The American Sports Institute, a nonprofit educational
organization based in Mill Valley, has been implementing
educational reform programs since 1989, in Marin
and throughout the Bay Area, California, and in
several other states.
We've also been creating ways for people to speak
the truth about our local schools and about schools
all across America in an effort to help free students
from the malaise and apathy so many of them are
experiencing in our schools today. One way we've
done this is by asking thousands of educators,
parents, students, and ordinary citizens to respond
truthfully and from the heart to a simple, two-question
survey about our schools:
Question 1: "On a scale of 10 to 1, with
10 being totally excited and 1 being totally apathetic,
how excited are middle and high school students
about going to school for their academic courses
only. This does not include the social or extracurricular
aspects of school?"
Question 2: "Are kids natural learners or
unnatural learners?"
The range of responses for the first question
has been between 2 and 5, with the greatest number
of responses being 3. However, everyone said that
kids are natural learners.
If kids are natural learners but the response
given most often is a 3 and the range is 2 to
5, the conclusion is obvious and inescapable:
There is something fundamentally wrong at the
core of our nation's educational system.
When you talk with parents and their middle and
high school students, a common theme that comes
across loud and clear is the lack of relevance
and engagement in their classes. Despite the landmark
1983 Nation At Risk report that sparked the educational
reform movement, not much has changed in 18 years.

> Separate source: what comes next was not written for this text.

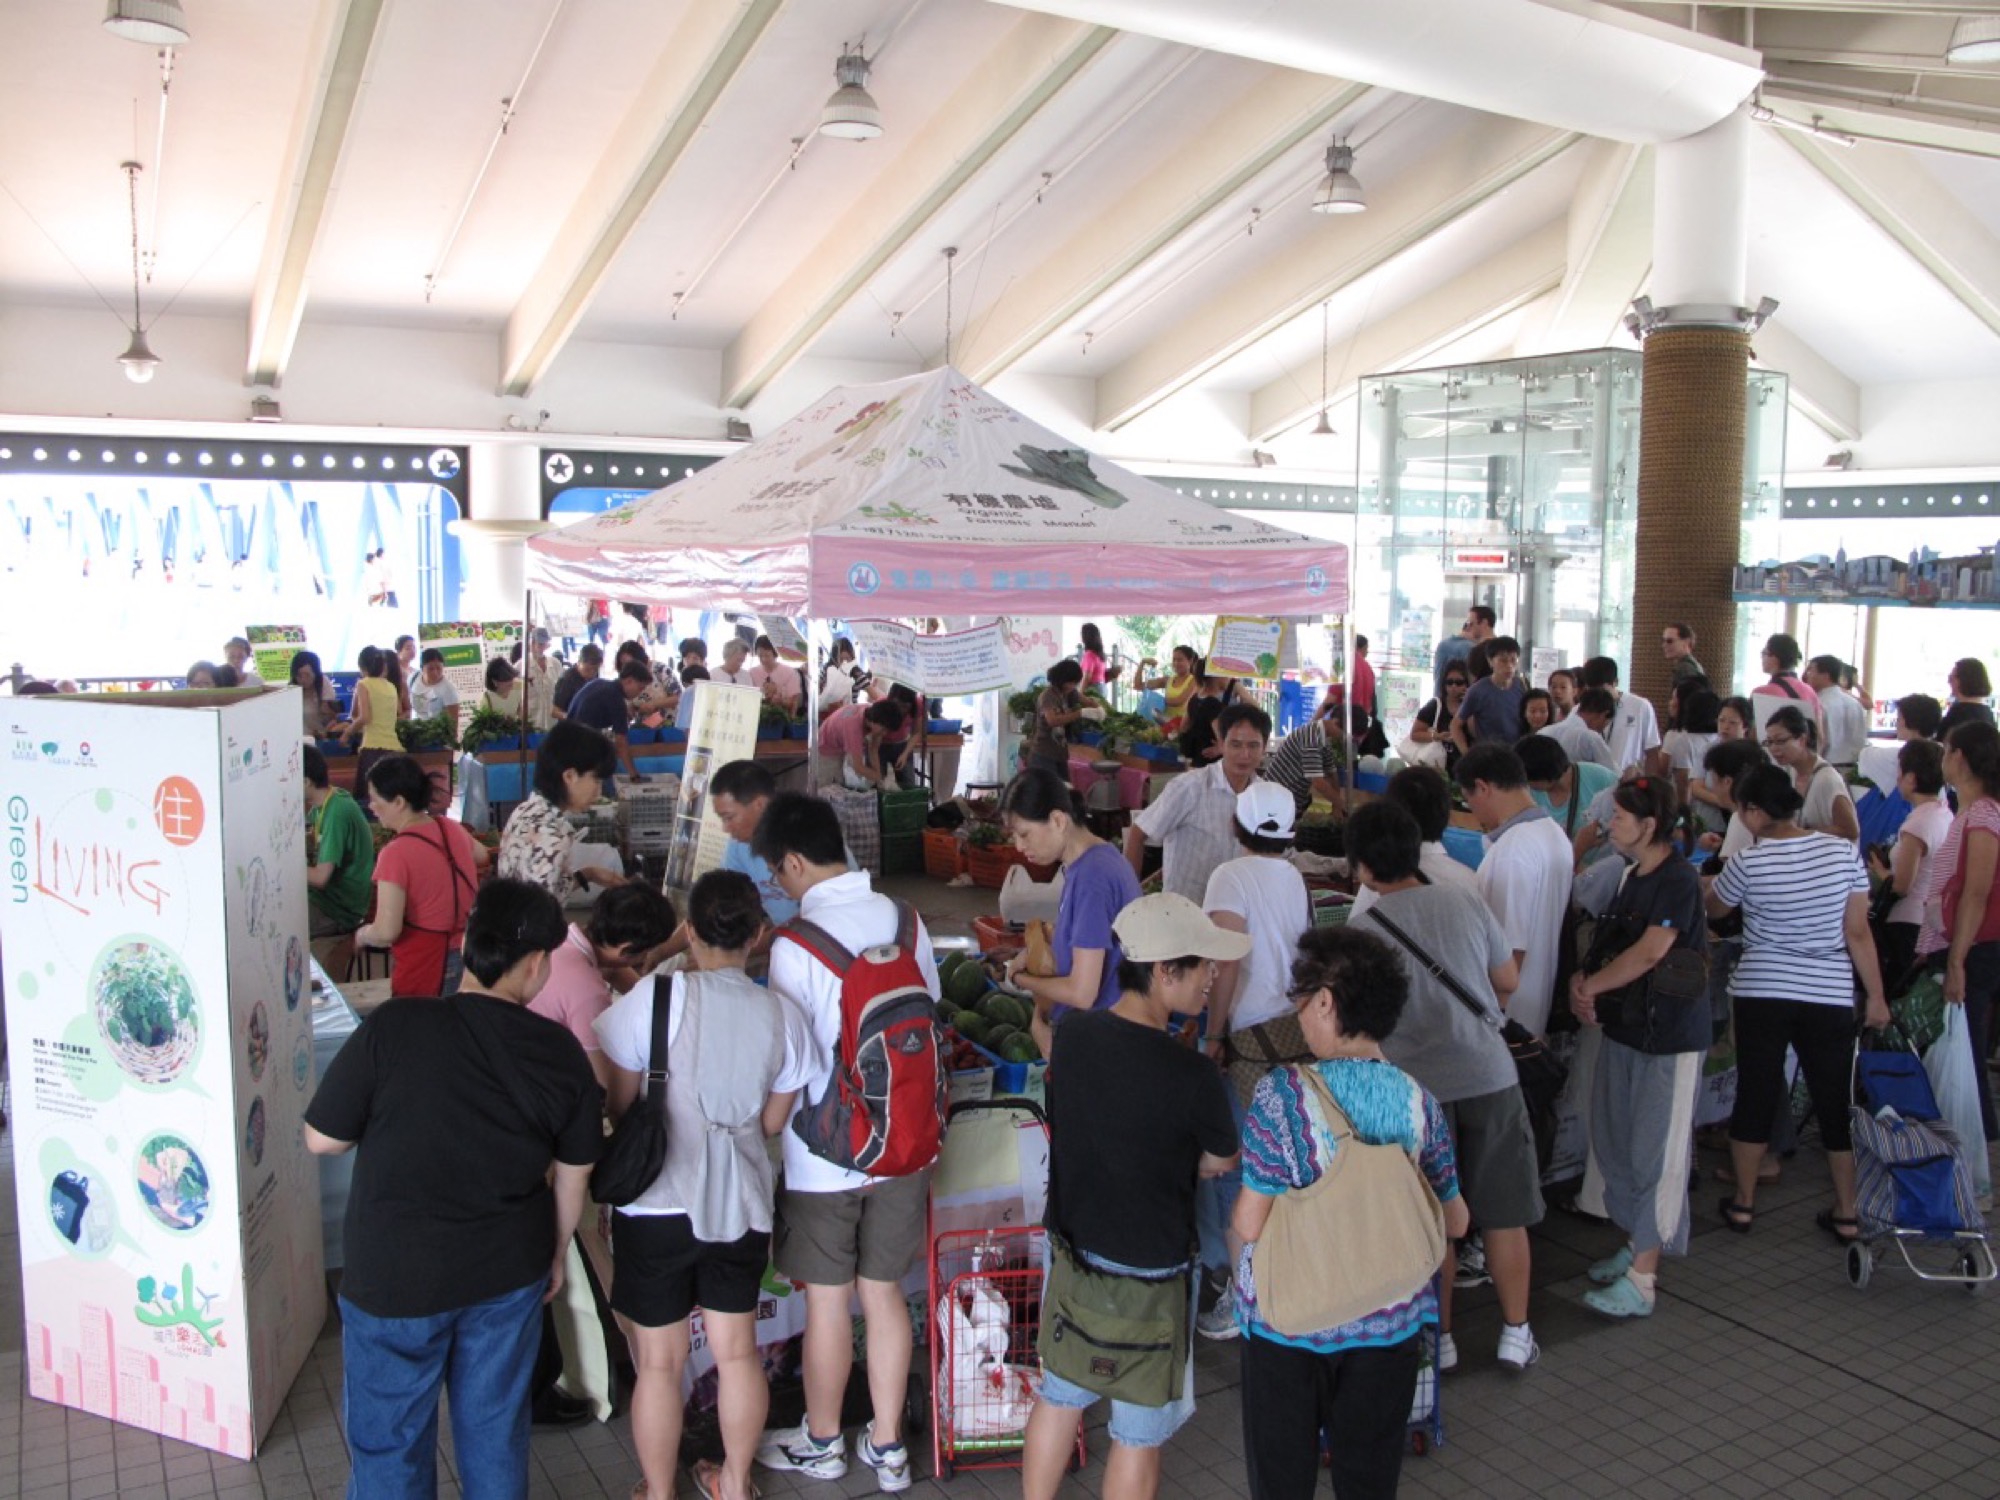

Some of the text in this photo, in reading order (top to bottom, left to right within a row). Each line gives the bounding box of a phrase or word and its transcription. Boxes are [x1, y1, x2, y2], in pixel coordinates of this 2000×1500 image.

Our schools are basically operating the same today
as the did before the report.
Kids know they go to school not for the joy of
learning, but to get grades so they can get out
of school, moving from one level to the next in
their quest to eventually get a good paying job
and enjoy the fruits of their financial quest.
Our schools today are not about finding meaning
and fulfillment in life, they are about the material
benefits that await the students.
The American writer Elbert Hubbard once wrote,
"A school should not be preparation for life.
A school should be life." And it was John
Dewey, the father of modern day education who,
in the same vein, warned, "Education is a
process of living, not a preparation for the future."
No matter what educators tell you, they are scared.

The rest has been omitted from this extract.